Most plants are heavily methylated in their repetitive regions. Because of this, a methylation-sensitive enzyme like PstI will cut mostly in the non-methylated genic regions. That genic region is usually in the few 100 million basepair range, so that is the range of genome size you should think about, not the potential gigabases of methylated junk.

If you are going to do ddRAD in a group of species, then a primary concern should be reducing locus drop-out because of the high genetic diversity. See:


Particularly examine Table 1, which shows the effect of a frequent-cutter on data loss and resulting bias in the genotyping. SNPs (and there will be plenty between species) will disrupt one of the two cut sites, and also create new 4-cutter sites in the fragment. Either of those events will potentially drop a locus from the size range selected.

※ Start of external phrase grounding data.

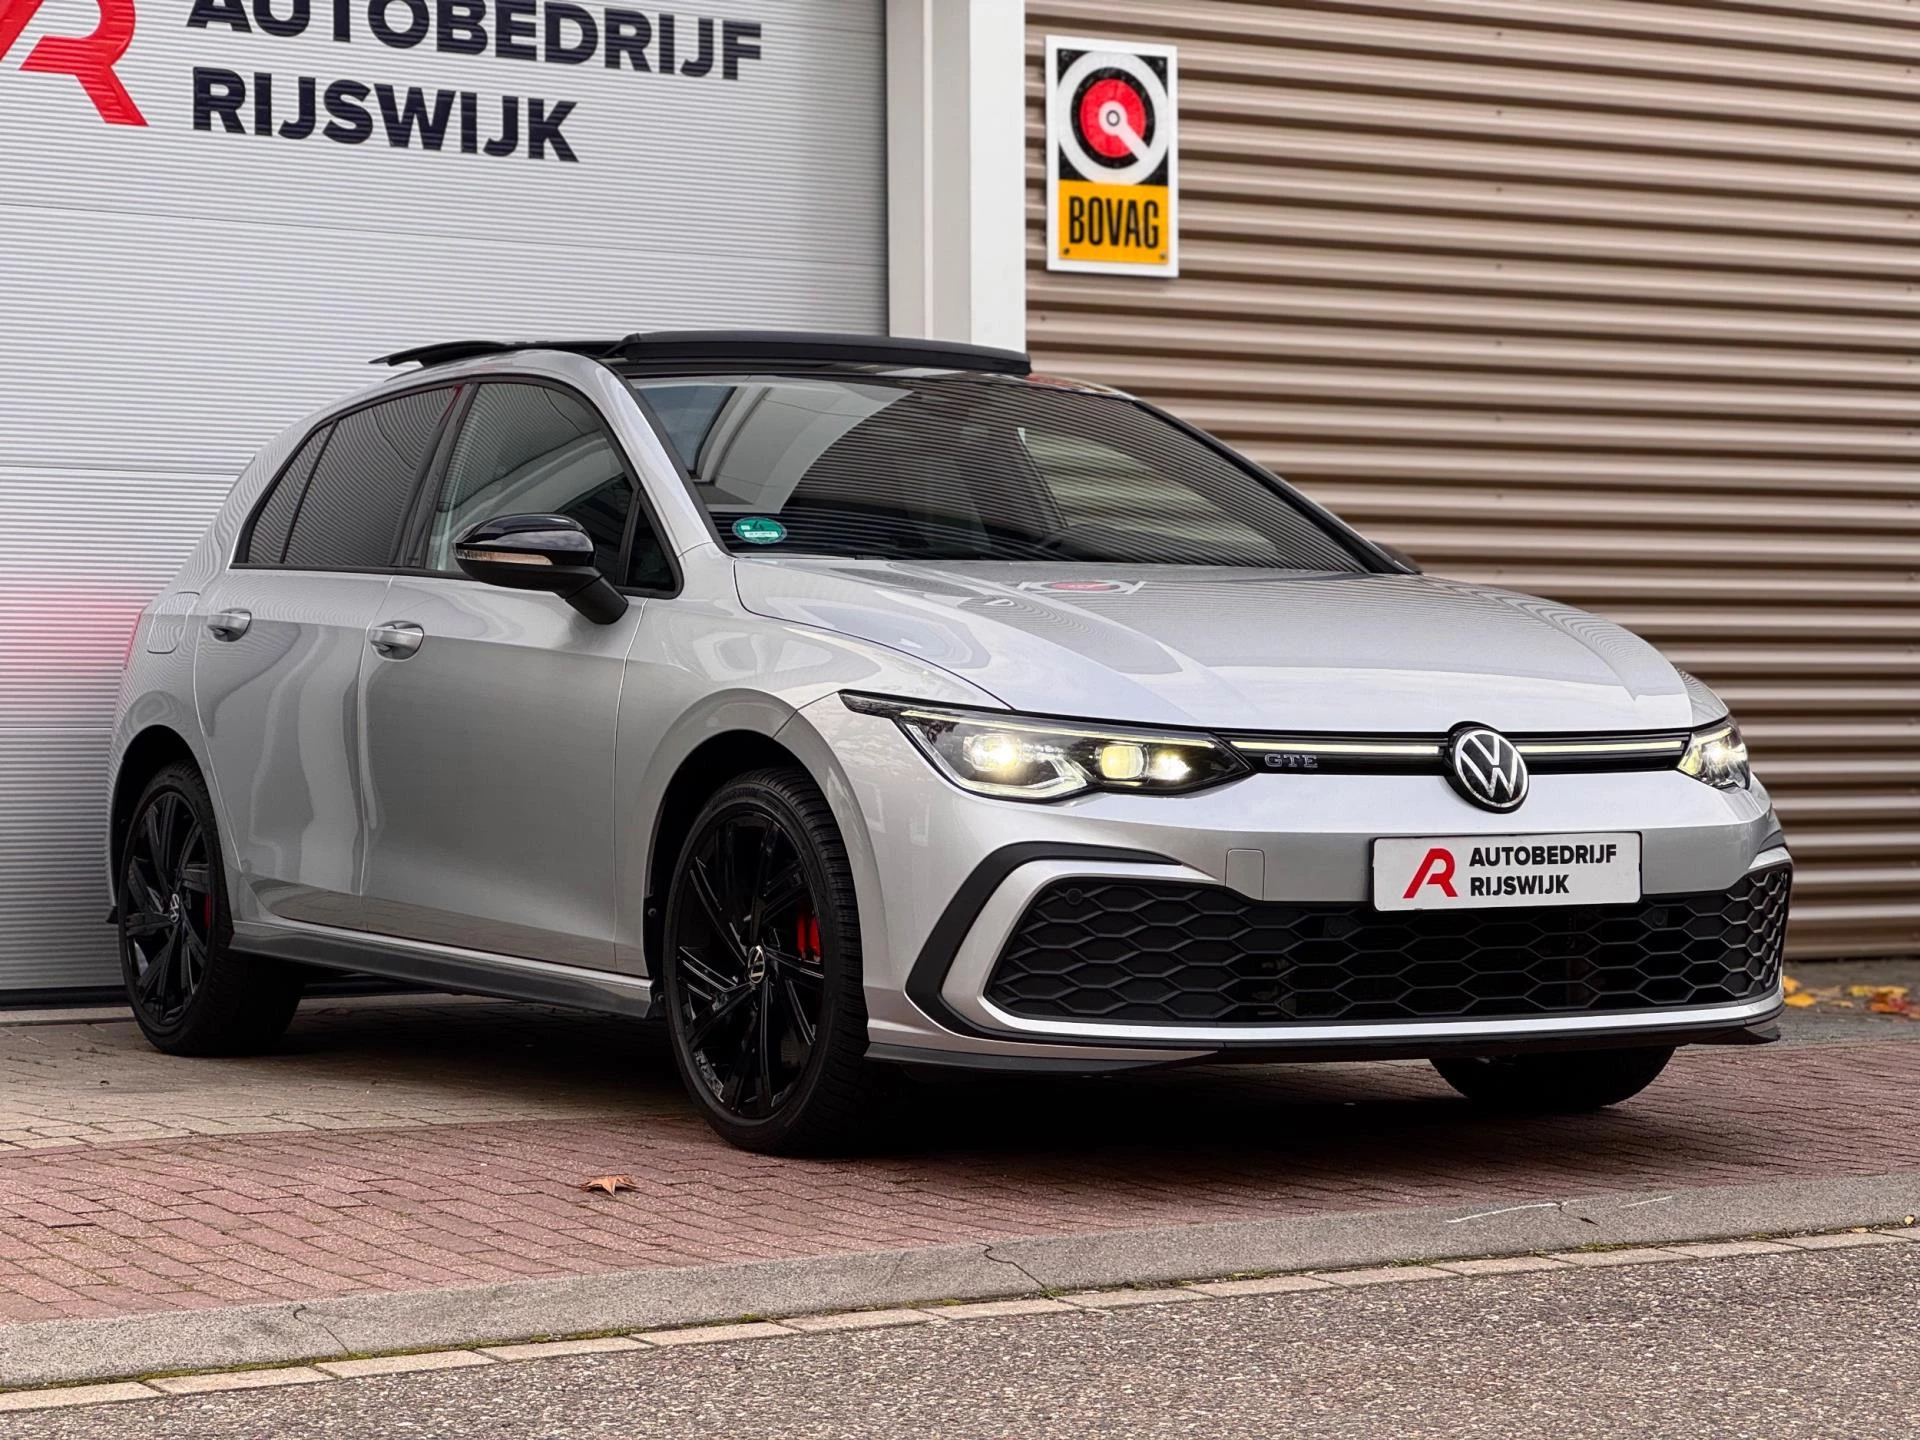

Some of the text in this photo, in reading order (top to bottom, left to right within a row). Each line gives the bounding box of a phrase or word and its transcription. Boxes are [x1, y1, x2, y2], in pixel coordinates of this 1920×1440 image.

[193, 66, 579, 163] RIJSWIJK
[1069, 196, 1159, 249] BOVAG
[1264, 753, 1318, 768] GTE
[1469, 844, 1617, 867] AUTOBEDRIJF
[1470, 874, 1570, 896] RIJSWIJK

Longer fragments will be more easily disrupted by the creation of new sites. If you don't think that is really an issue, consider that AAAA has BAAA,ABAA,AABA,AAAB, or 12 different 4bp sites that could be converted to the cut site by an A mutation. Non-palindromic 4-cutters might cut every 100 bp, so there could be a dozen such "almost sites" in each 100 bp of the fragment.

A possible countering design would be two 6-cutters (PstI - EcoRI perhaps) with at least one being methylation-sensitive. You add to the cut site target size (12 bp instead of 10 bp) but remove the frequency of site creation. You can then have the longer size fragments that nucacidhunter likes and you would probably want at least that size range as you'll create fewer fragments with two 6-cutters.

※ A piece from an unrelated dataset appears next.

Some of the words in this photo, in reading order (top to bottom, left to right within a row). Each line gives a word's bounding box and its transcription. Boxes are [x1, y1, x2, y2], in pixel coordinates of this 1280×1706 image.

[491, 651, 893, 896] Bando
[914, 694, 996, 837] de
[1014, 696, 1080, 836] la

Probably the easiest way for pilot project would be to try different enzyme combinations using ezRAD with Pippin size selection so you do not have to spend funds or time designing different adapters.

In my experience two 6 cutter combinations results in larger fragments generally over 500 bp. ddRAD may not be the best approach if you are analysing multiple species because overlapping RAD-tags will be low but it is OK for one species.

Edit: https://peerj.com/articles/203/

Thank you!

Thank you both for the helpful suggestions!